> WORK TO BE COMPLETED:
Please give again every entry exactly as it appears, setting aside the pictures.

> SOURCE INFORMATION:
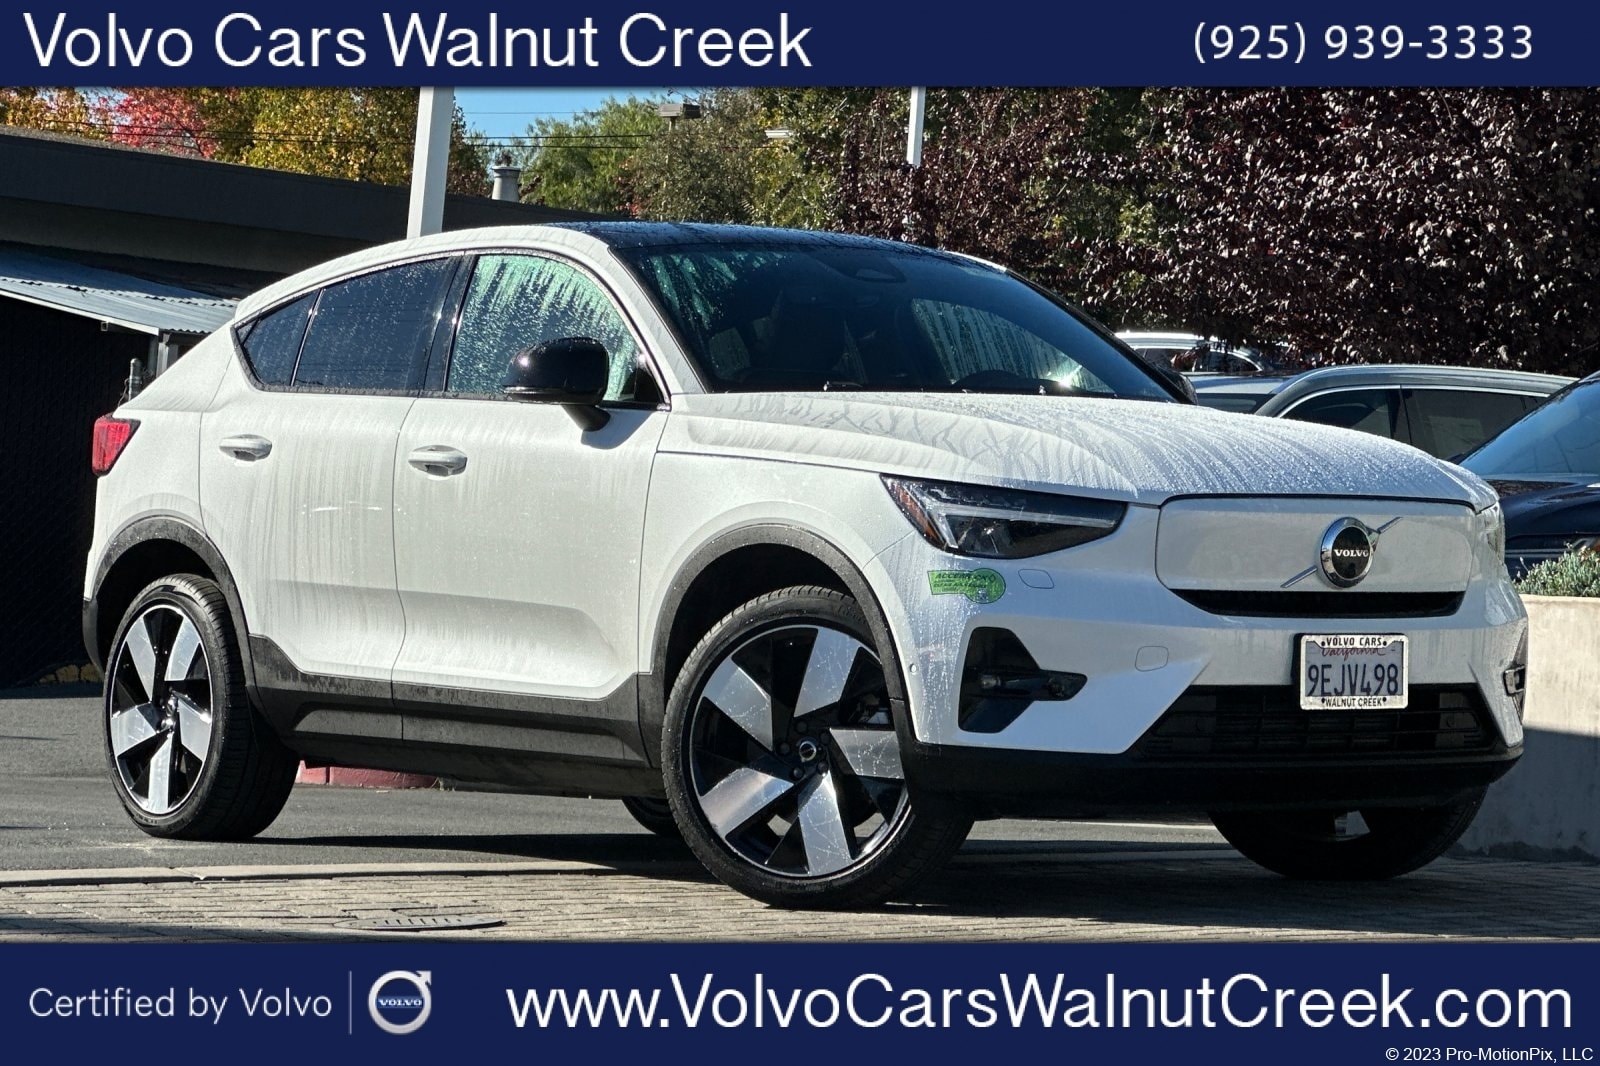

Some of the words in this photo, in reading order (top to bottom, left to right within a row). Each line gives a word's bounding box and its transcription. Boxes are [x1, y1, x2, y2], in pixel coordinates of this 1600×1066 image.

[1333, 548, 1370, 558] VOLVO
[1326, 637, 1355, 646] VOLVO
[1359, 637, 1382, 646] CARS
[1307, 663, 1399, 697] 9EJV498
[1325, 697, 1356, 707] WALNUT
[1358, 697, 1382, 707] CREEK
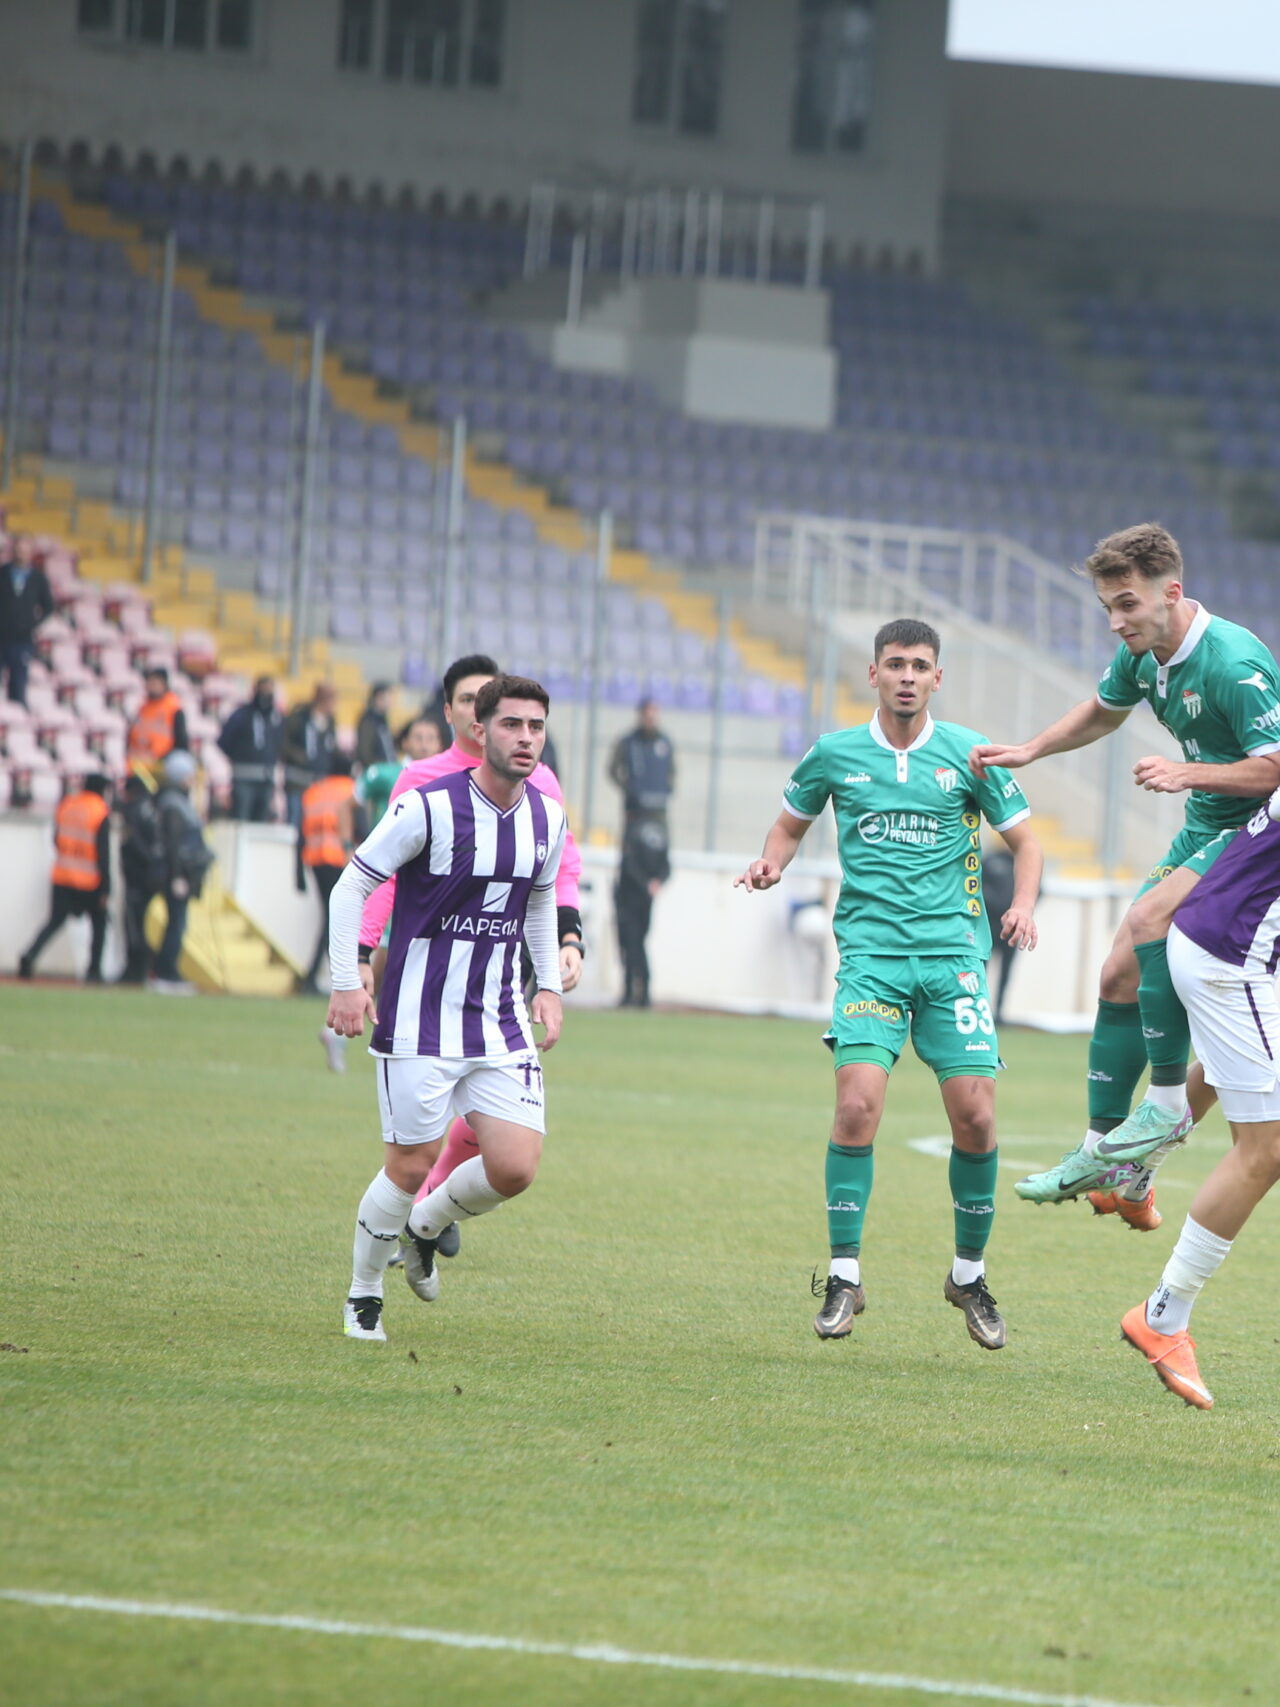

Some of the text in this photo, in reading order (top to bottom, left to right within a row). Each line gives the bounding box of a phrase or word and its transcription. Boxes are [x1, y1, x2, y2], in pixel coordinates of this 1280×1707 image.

[889, 812, 938, 831] TARIM
[890, 829, 921, 844] PEYZAJ
[845, 1001, 900, 1020] FURPA
[954, 996, 994, 1036] 53
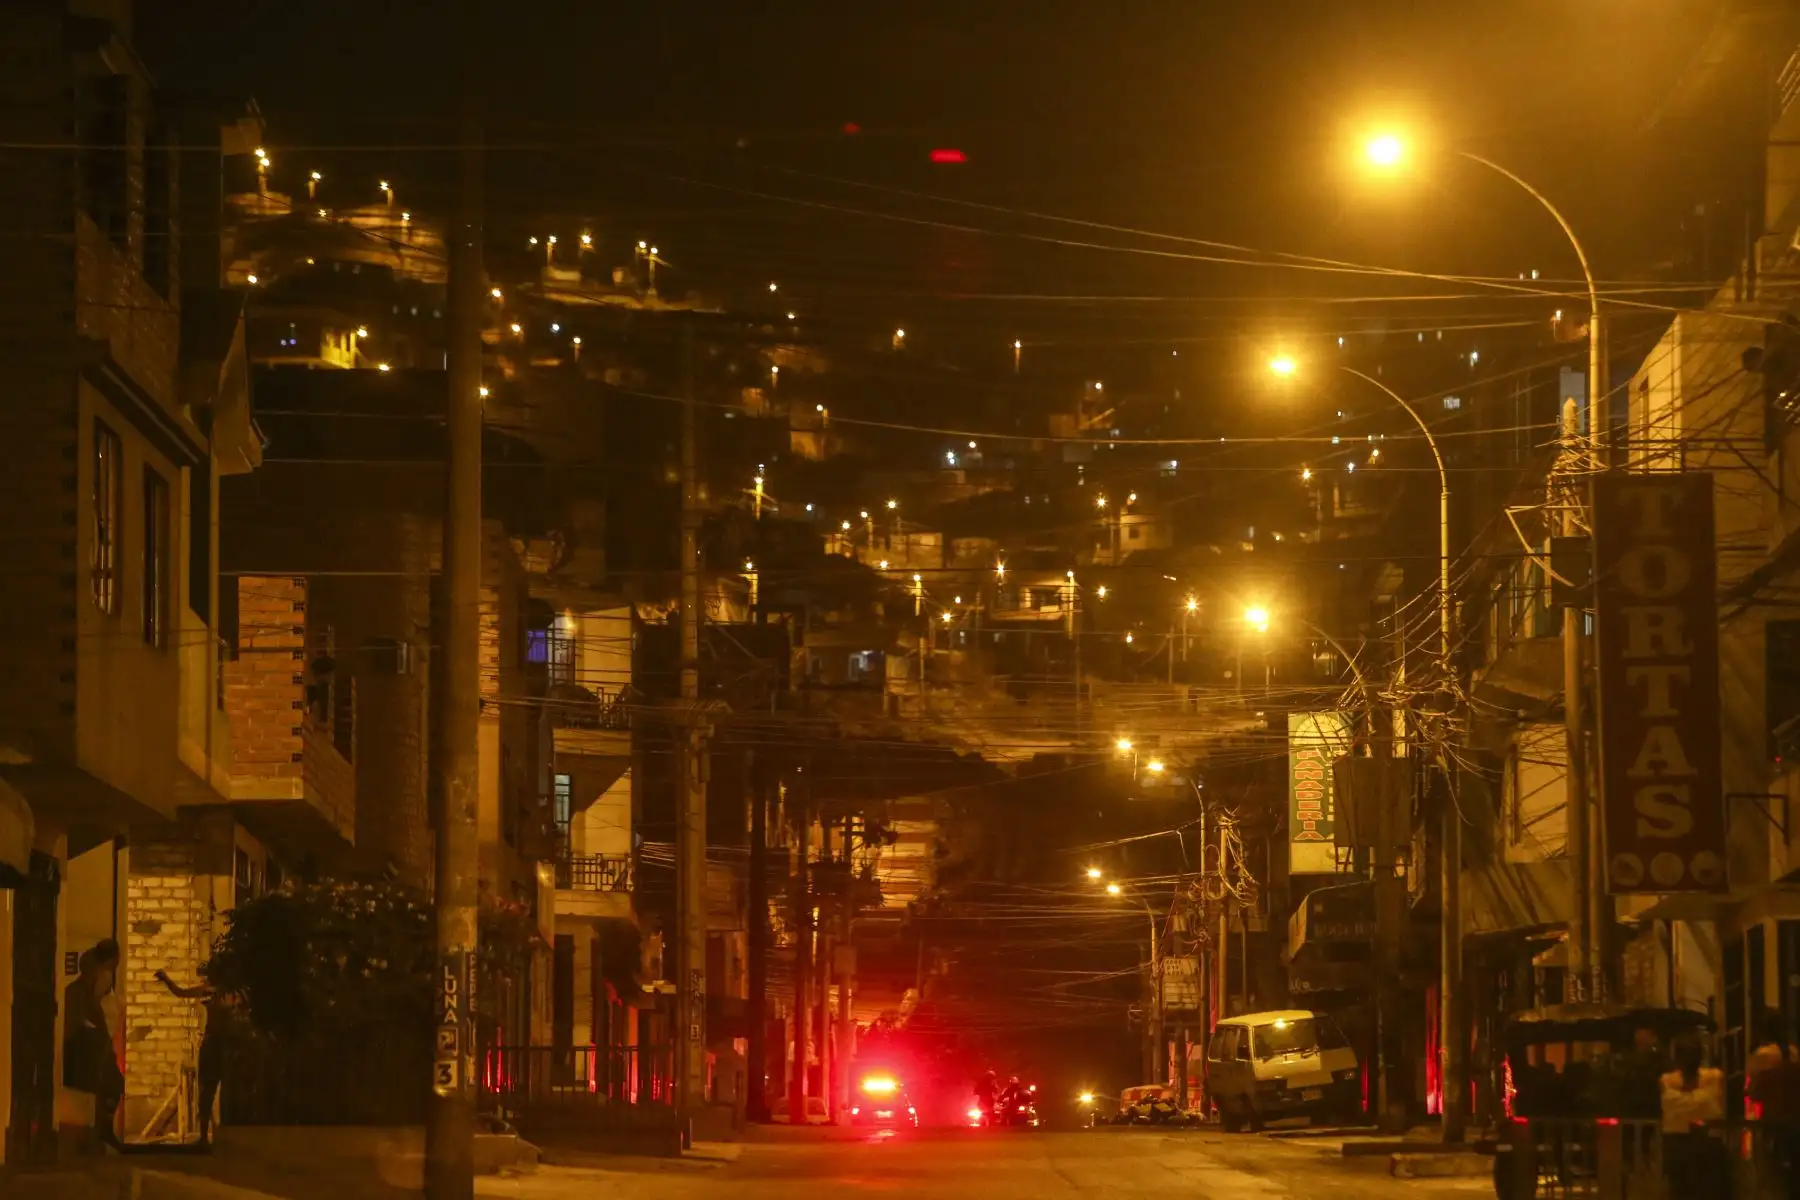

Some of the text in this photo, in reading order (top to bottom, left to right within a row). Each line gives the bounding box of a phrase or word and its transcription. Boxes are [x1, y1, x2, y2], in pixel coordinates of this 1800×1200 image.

[1617, 485, 1698, 838] TORTAS
[1294, 750, 1325, 841] PANADERIA
[443, 965, 458, 1024] LUNA
[437, 1063, 453, 1085] 3
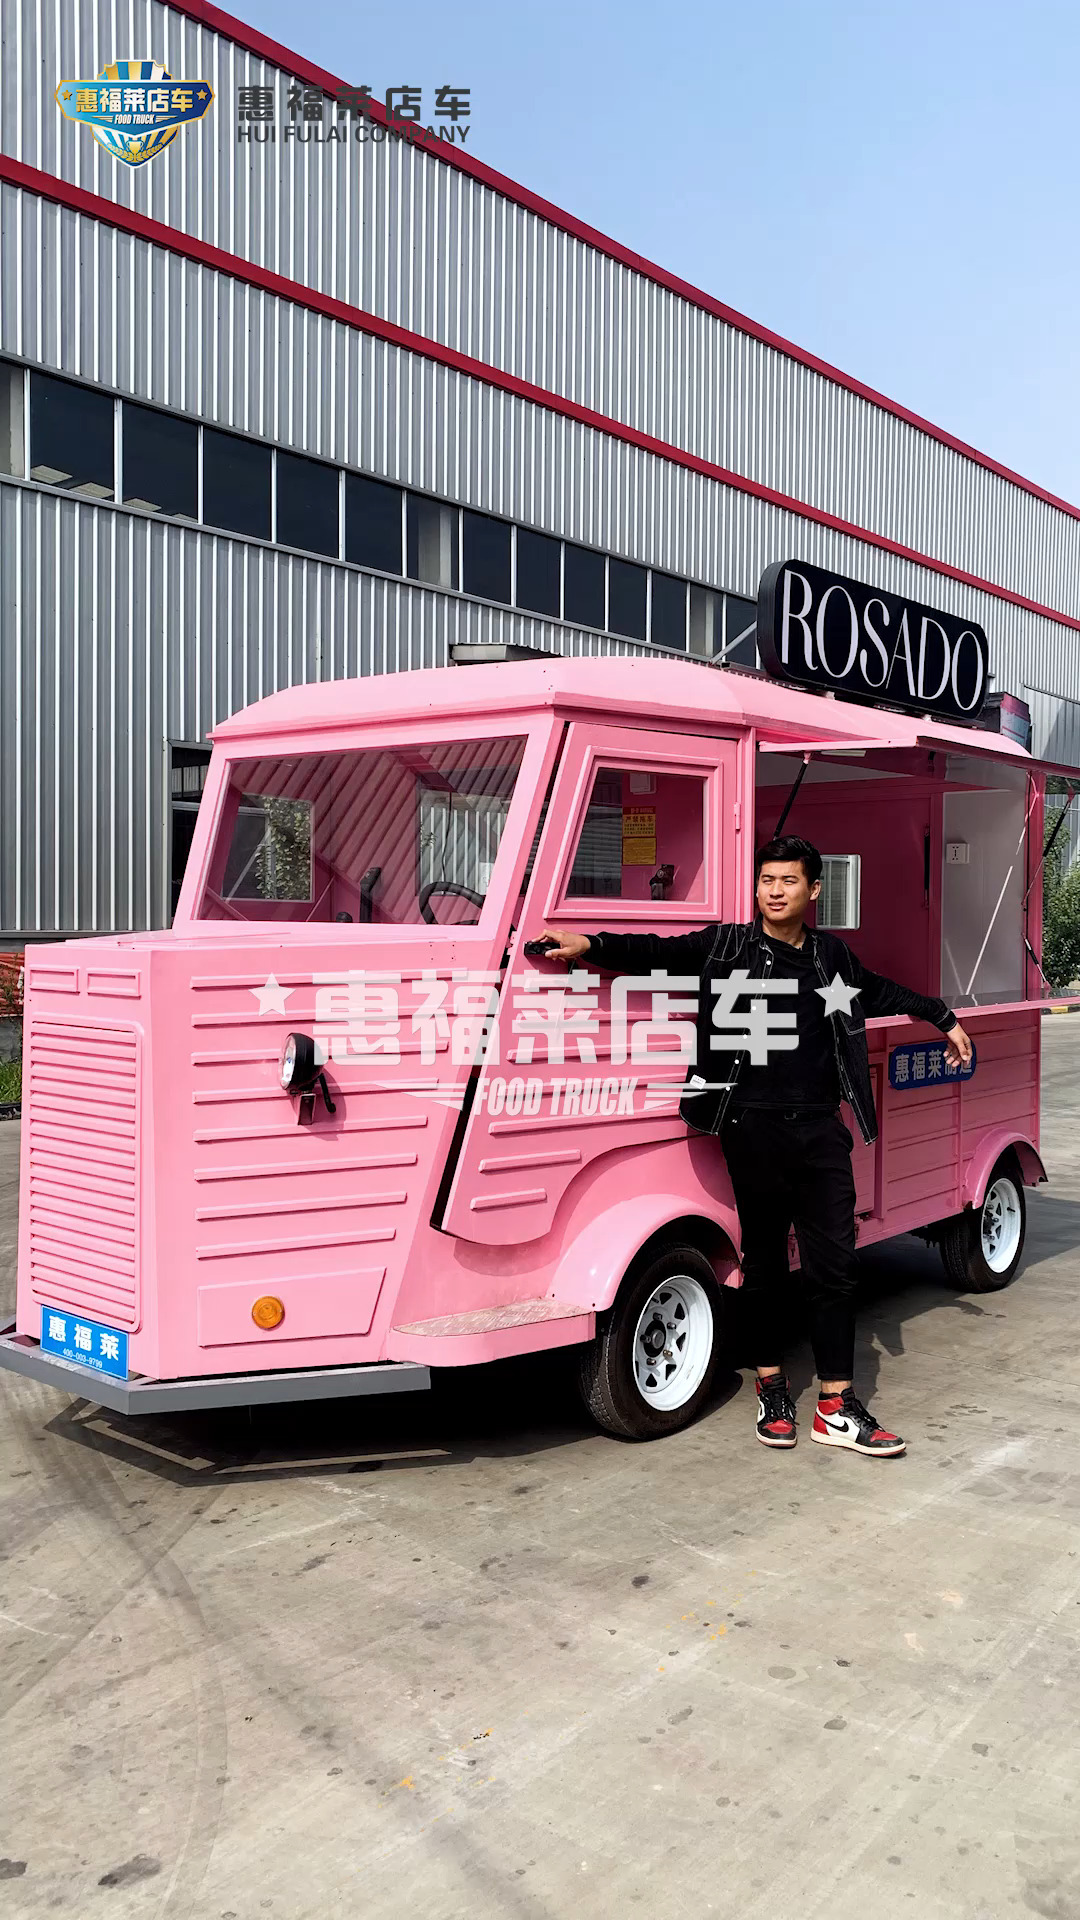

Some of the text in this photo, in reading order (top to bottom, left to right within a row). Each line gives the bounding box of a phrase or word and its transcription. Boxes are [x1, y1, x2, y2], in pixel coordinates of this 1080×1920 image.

> ANSWER SPACE:
Some of the words in this photo, in reading order (top to bottom, left to right within a row). Each line gives a word's bounding box and its transcription. Boxes are [x1, y1, x2, y2], in pixel coordinates of this 1600×1066 image.

[1333, 548, 1370, 558] VOLVO
[1326, 637, 1355, 646] VOLVO
[1359, 637, 1382, 646] CARS
[1307, 663, 1399, 697] 9EJV498
[1325, 697, 1356, 707] WALNUT
[1358, 697, 1382, 707] CREEK

Some of the text in this photo, in reading order (top to bottom, left to right within a row). Each line gives the bounding box of a phrase or word and its transcription. Boxes are [x1, y1, x2, y2], in pixel coordinates of this 1280×1707 image.

[889, 812, 938, 831] TARIM
[890, 829, 921, 844] PEYZAJ
[845, 1001, 900, 1020] FURPA
[954, 996, 994, 1036] 53

Some of the text in this photo, in reading order (top to bottom, left to right within a row). Each line gives the bounding box of a phrase or word and its transcription. Boxes are [x1, y1, x2, y2], in pixel coordinates of this 1800×1200 image.

[1617, 485, 1698, 838] TORTAS
[1294, 750, 1325, 841] PANADERIA
[443, 965, 458, 1024] LUNA
[437, 1063, 453, 1085] 3

Some of the text in this photo, in reading order (top to bottom, left to right within a row). Each line gives the bounding box of a phrase or word and its transcription. Boxes are [x1, y1, x2, y2], in pixel coordinates of this 1080×1920 image.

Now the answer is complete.